▶ WHAT YOU ARE ASKED TO DO
Write out every entry exactly; the pictures do not belong in the copy.

..............................

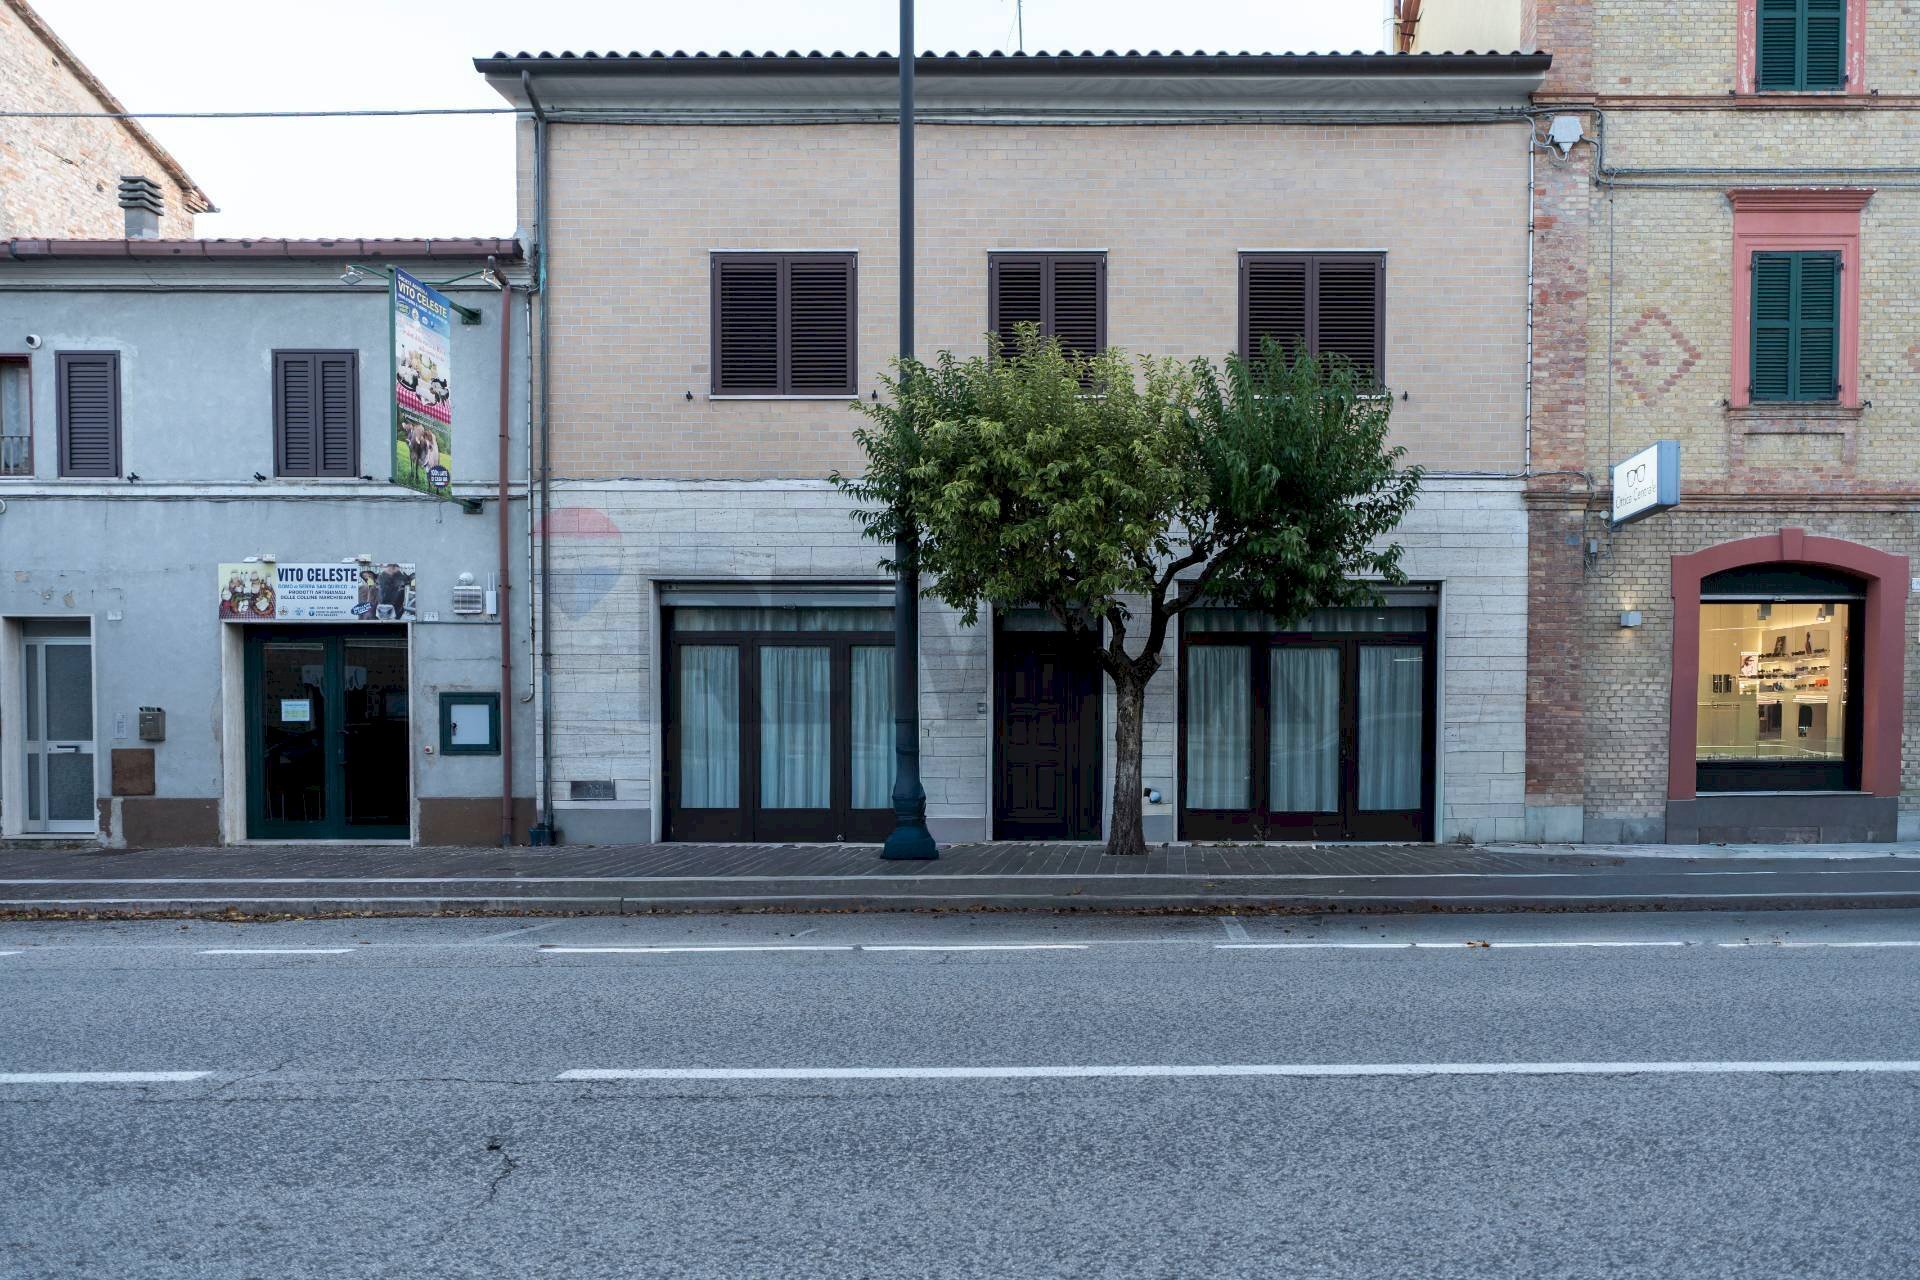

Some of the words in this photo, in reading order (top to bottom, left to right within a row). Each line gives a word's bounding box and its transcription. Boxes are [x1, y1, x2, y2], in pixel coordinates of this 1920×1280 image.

[397, 280, 416, 299] VITO
[416, 292, 448, 319] CELESTE
[277, 567, 304, 582] VITO
[307, 567, 358, 582] CELESTE
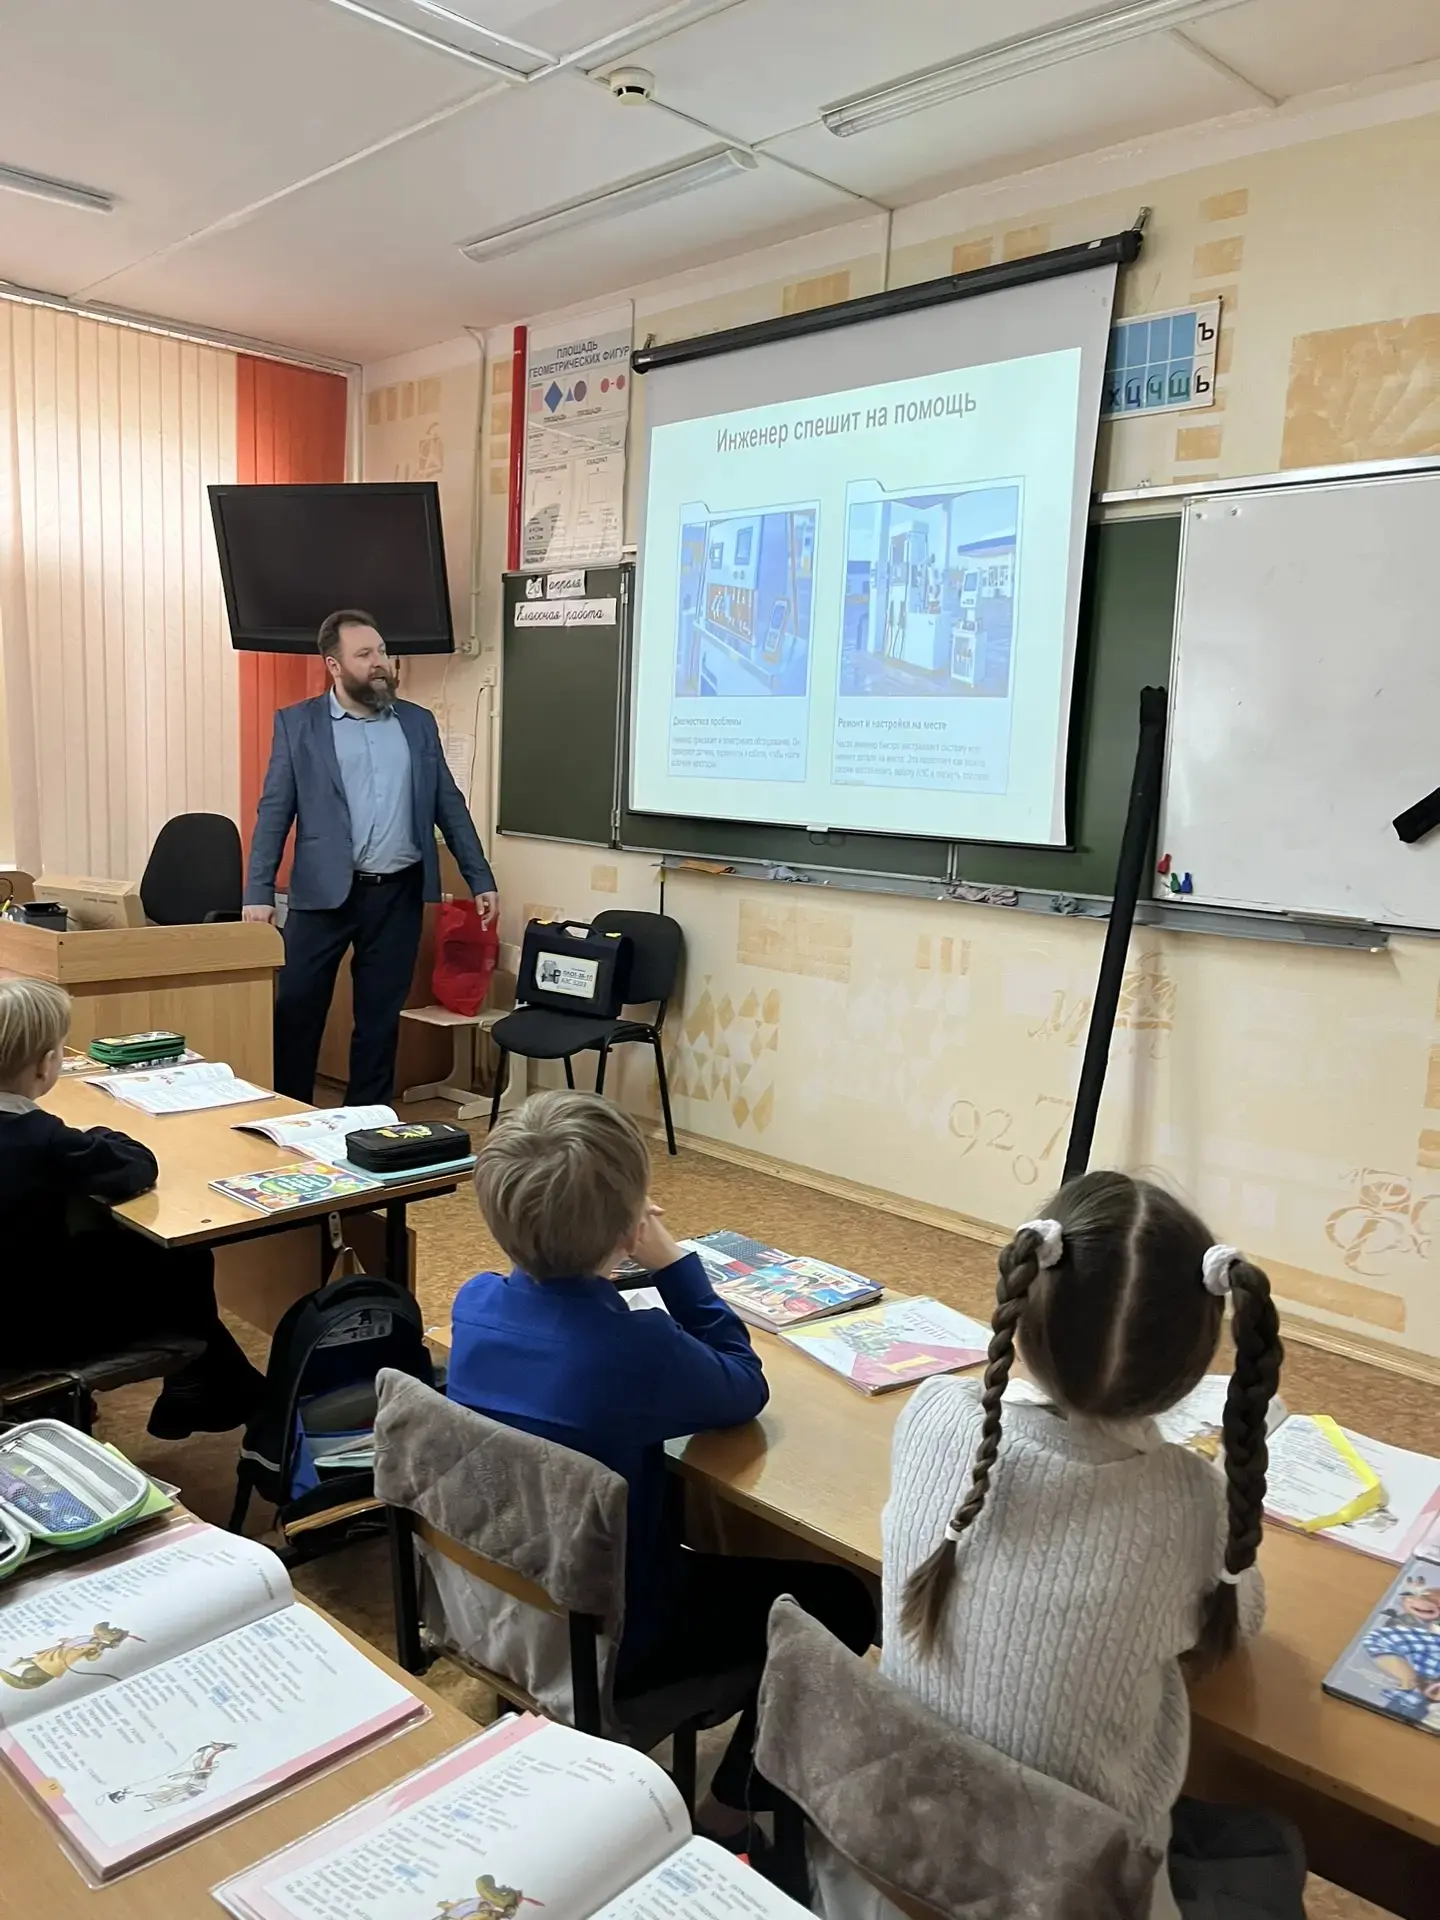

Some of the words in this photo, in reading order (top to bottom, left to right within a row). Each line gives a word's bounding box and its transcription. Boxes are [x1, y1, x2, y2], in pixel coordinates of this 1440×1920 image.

[529, 353, 601, 378] ГЕОМЕТРИЧЕСКИХ
[602, 345, 630, 361] ФИГУР
[556, 341, 598, 359] ПЛОЩАДЬ
[717, 423, 789, 454] Инженер
[794, 410, 861, 440] спешит
[866, 405, 888, 429] на
[894, 392, 977, 425] помощь
[516, 605, 562, 622] Классная
[562, 602, 604, 626] работа
[837, 717, 864, 729] Ремонт
[871, 718, 911, 732] настройка
[912, 721, 922, 730] на
[923, 721, 947, 731] месте

..............................

▶ SOLUTION TO THE EXERCISE
Some of the words in this photo, in reading order (top to bottom, left to right within a row). Each line gives a word's bounding box and its transcription. Boxes are [x1, y1, x2, y2], in pixel coordinates of this 1920×1280 image.

[397, 280, 416, 299] VITO
[416, 292, 448, 319] CELESTE
[277, 567, 304, 582] VITO
[307, 567, 358, 582] CELESTE

Some of the words in this photo, in reading order (top to bottom, left to right within a row). Each line gives a word's bounding box and its transcription. Boxes are [x1, y1, x2, y2], in pixel coordinates of this 1440×1920 image.

[529, 353, 601, 378] ГЕОМЕТРИЧЕСКИХ
[602, 345, 630, 361] ФИГУР
[556, 341, 598, 359] ПЛОЩАДЬ
[717, 423, 789, 454] Инженер
[794, 410, 861, 440] спешит
[866, 405, 888, 429] на
[894, 392, 977, 425] помощь
[516, 605, 562, 622] Классная
[562, 602, 604, 626] работа
[837, 717, 864, 729] Ремонт
[871, 718, 911, 732] настройка
[912, 721, 922, 730] на
[923, 721, 947, 731] месте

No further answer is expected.